═════ Data supplied ═════

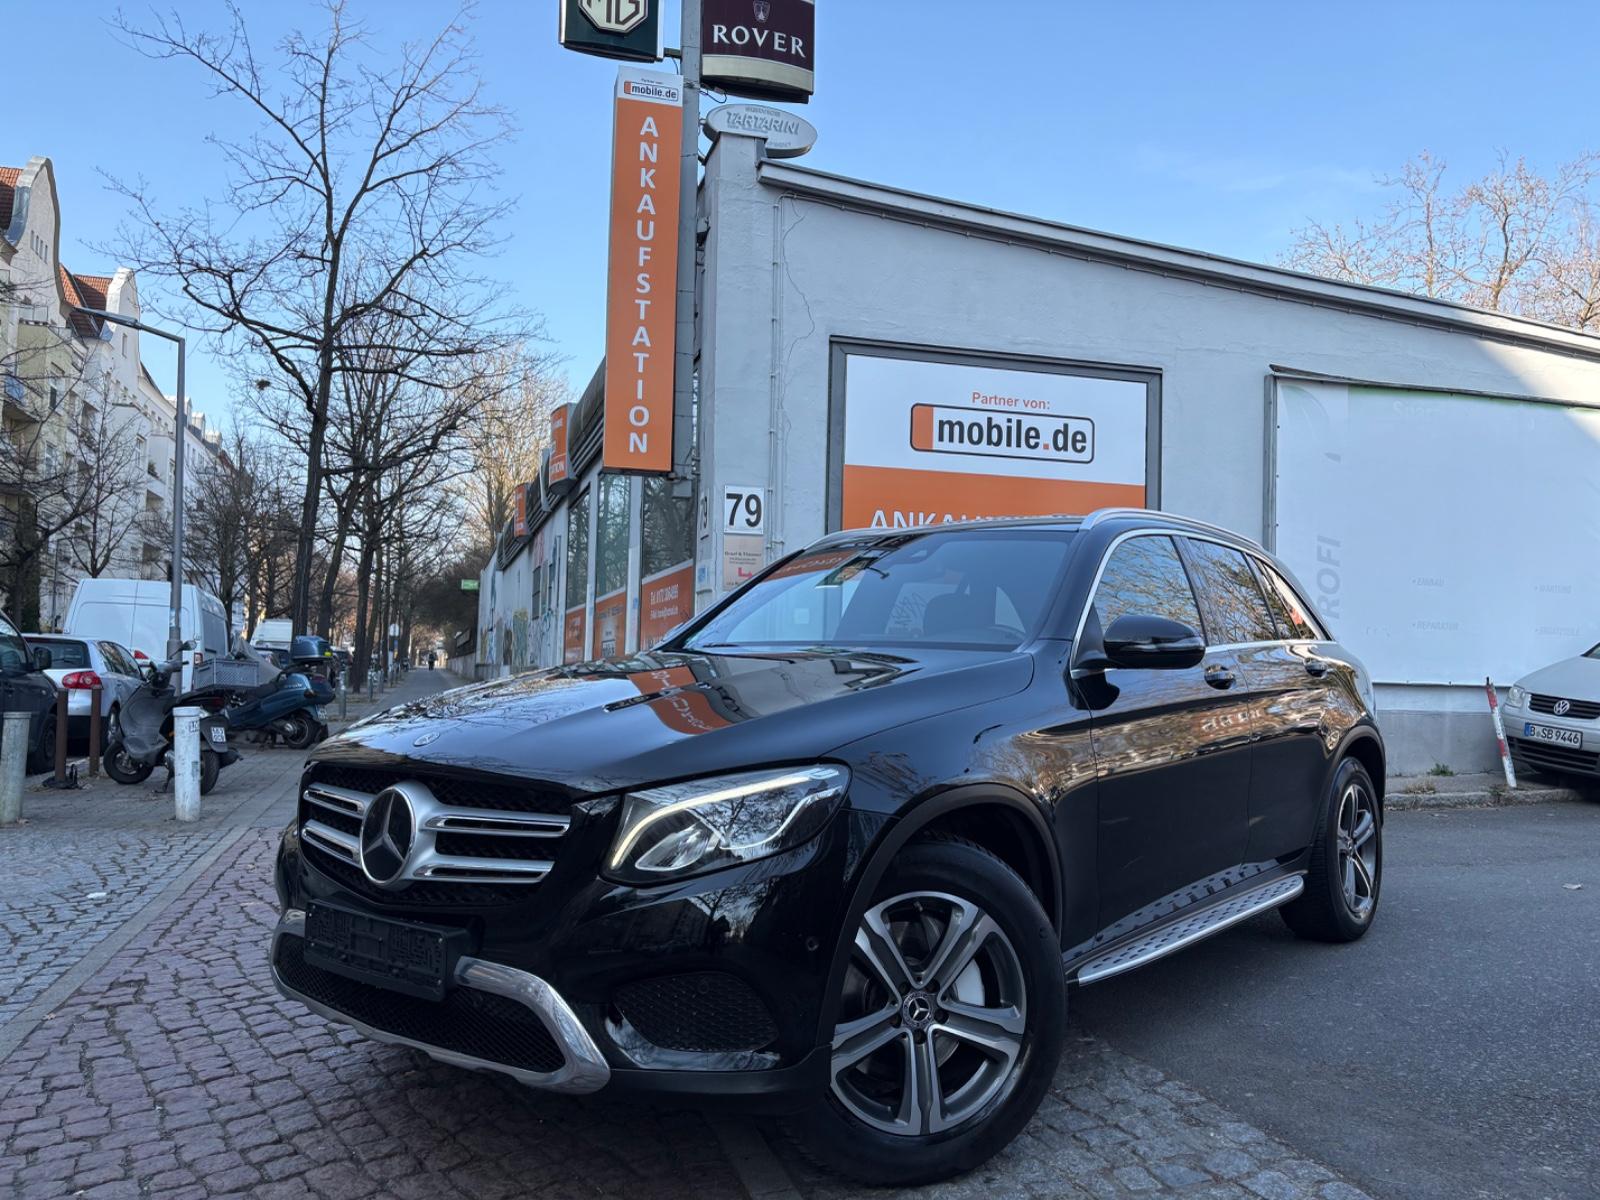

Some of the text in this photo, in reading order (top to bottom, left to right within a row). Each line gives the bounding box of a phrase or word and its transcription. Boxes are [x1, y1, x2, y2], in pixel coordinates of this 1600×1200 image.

[712, 24, 806, 58] ROVER
[631, 85, 677, 99] mobile.de
[726, 111, 800, 135] TARTARINI
[628, 116, 660, 454] ANKAUFSTATION
[971, 391, 1051, 410] Partner von:
[937, 416, 1087, 454] mobile.de
[725, 493, 762, 528] 79
[1316, 534, 1341, 620] ROFI
[1530, 725, 1579, 744] B SB 9446
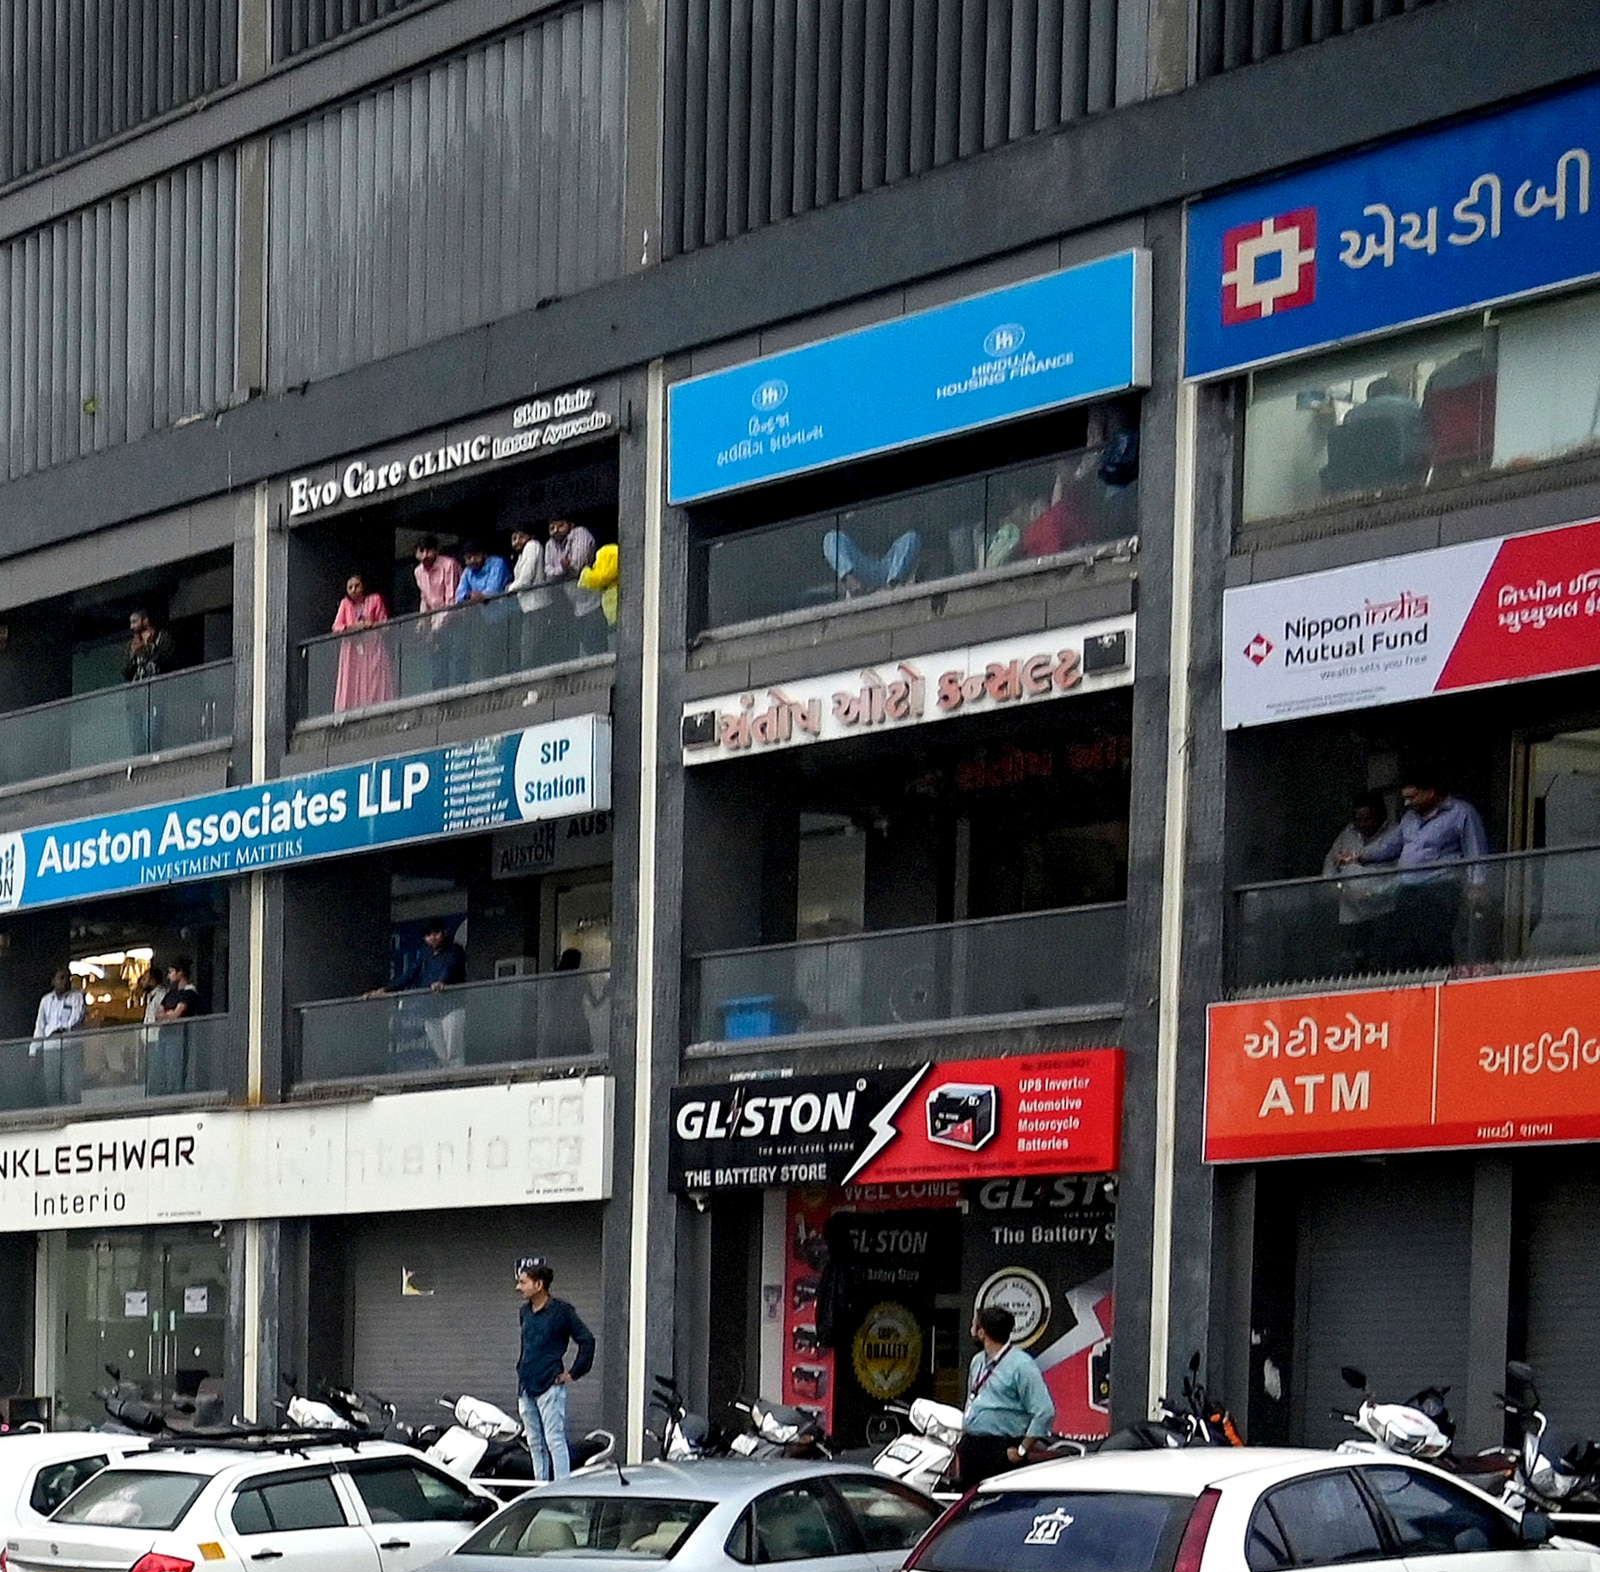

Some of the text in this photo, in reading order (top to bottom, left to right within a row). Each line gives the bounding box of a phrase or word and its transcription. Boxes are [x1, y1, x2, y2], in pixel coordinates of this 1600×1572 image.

[935, 352, 1074, 400] HOUSING FINANCE
[970, 350, 1036, 378] HINDUJA
[289, 434, 492, 517] Evo Care CLINIC
[1285, 612, 1362, 643] Nippon
[1285, 622, 1428, 667] Mutual Fund
[541, 739, 570, 765] SIP
[525, 775, 586, 804] Station
[37, 761, 430, 878] Auston Associates LLP
[1019, 1076, 1090, 1093] UPS Inverter
[1259, 1071, 1370, 1118] ATM
[1019, 1099, 1082, 1113] Automotive
[1018, 1118, 1080, 1133] Motorcycle
[1017, 1137, 1069, 1152] Batteries
[685, 1162, 827, 1187] THE BATTERY STORE
[34, 1191, 126, 1218] Interio
[993, 1226, 1024, 1244] The
[1031, 1225, 1099, 1246] Battery
[866, 1343, 909, 1359] QUALITY

═════

Instructions for the listing above: set down every entry exactly and drop any image.

• **Answer space**:
Some of the text in this photo, in reading order (top to bottom, left to right within a row). Each line gives the bounding box of a phrase or word and its transcription. Boxes are [x1, y1, x2, y2], in pixel coordinates of this 1600×1200 image.

[712, 24, 806, 58] ROVER
[631, 85, 677, 99] mobile.de
[726, 111, 800, 135] TARTARINI
[628, 116, 660, 454] ANKAUFSTATION
[971, 391, 1051, 410] Partner von:
[937, 416, 1087, 454] mobile.de
[725, 493, 762, 528] 79
[1316, 534, 1341, 620] ROFI
[1530, 725, 1579, 744] B SB 9446

Some of the text in this photo, in reading order (top to bottom, left to right within a row). Each line gives the bounding box of a phrase or word and its transcription. Boxes are [x1, y1, x2, y2], in pixel coordinates of this 1600×1572 image.

[935, 352, 1074, 400] HOUSING FINANCE
[970, 350, 1036, 378] HINDUJA
[289, 434, 492, 517] Evo Care CLINIC
[1285, 612, 1362, 643] Nippon
[1285, 622, 1428, 667] Mutual Fund
[541, 739, 570, 765] SIP
[525, 775, 586, 804] Station
[37, 761, 430, 878] Auston Associates LLP
[1019, 1076, 1090, 1093] UPS Inverter
[1259, 1071, 1370, 1118] ATM
[1019, 1099, 1082, 1113] Automotive
[1018, 1118, 1080, 1133] Motorcycle
[1017, 1137, 1069, 1152] Batteries
[685, 1162, 827, 1187] THE BATTERY STORE
[34, 1191, 126, 1218] Interio
[993, 1226, 1024, 1244] The
[1031, 1225, 1099, 1246] Battery
[866, 1343, 909, 1359] QUALITY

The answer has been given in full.